(Data begins)
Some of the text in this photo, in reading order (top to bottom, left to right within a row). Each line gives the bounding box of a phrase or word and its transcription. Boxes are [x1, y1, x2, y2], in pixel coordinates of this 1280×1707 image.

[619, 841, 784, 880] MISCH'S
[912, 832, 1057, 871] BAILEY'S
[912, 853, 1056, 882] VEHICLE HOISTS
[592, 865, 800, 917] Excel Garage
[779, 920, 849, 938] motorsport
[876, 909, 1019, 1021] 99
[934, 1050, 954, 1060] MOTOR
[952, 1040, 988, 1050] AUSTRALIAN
(Data ends)
Instructions for the task: Each record must be restated word for word, including the last line.

Solution:
Some of the text in this photo, in reading order (top to bottom, left to right within a row). Each line gives the bounding box of a phrase or word and its transcription. Boxes are [x1, y1, x2, y2], in pixel coordinates of this 1280×1707 image.

[619, 841, 784, 880] MISCH'S
[912, 832, 1057, 871] BAILEY'S
[912, 853, 1056, 882] VEHICLE HOISTS
[592, 865, 800, 917] Excel Garage
[779, 920, 849, 938] motorsport
[876, 909, 1019, 1021] 99
[934, 1050, 954, 1060] MOTOR
[952, 1040, 988, 1050] AUSTRALIAN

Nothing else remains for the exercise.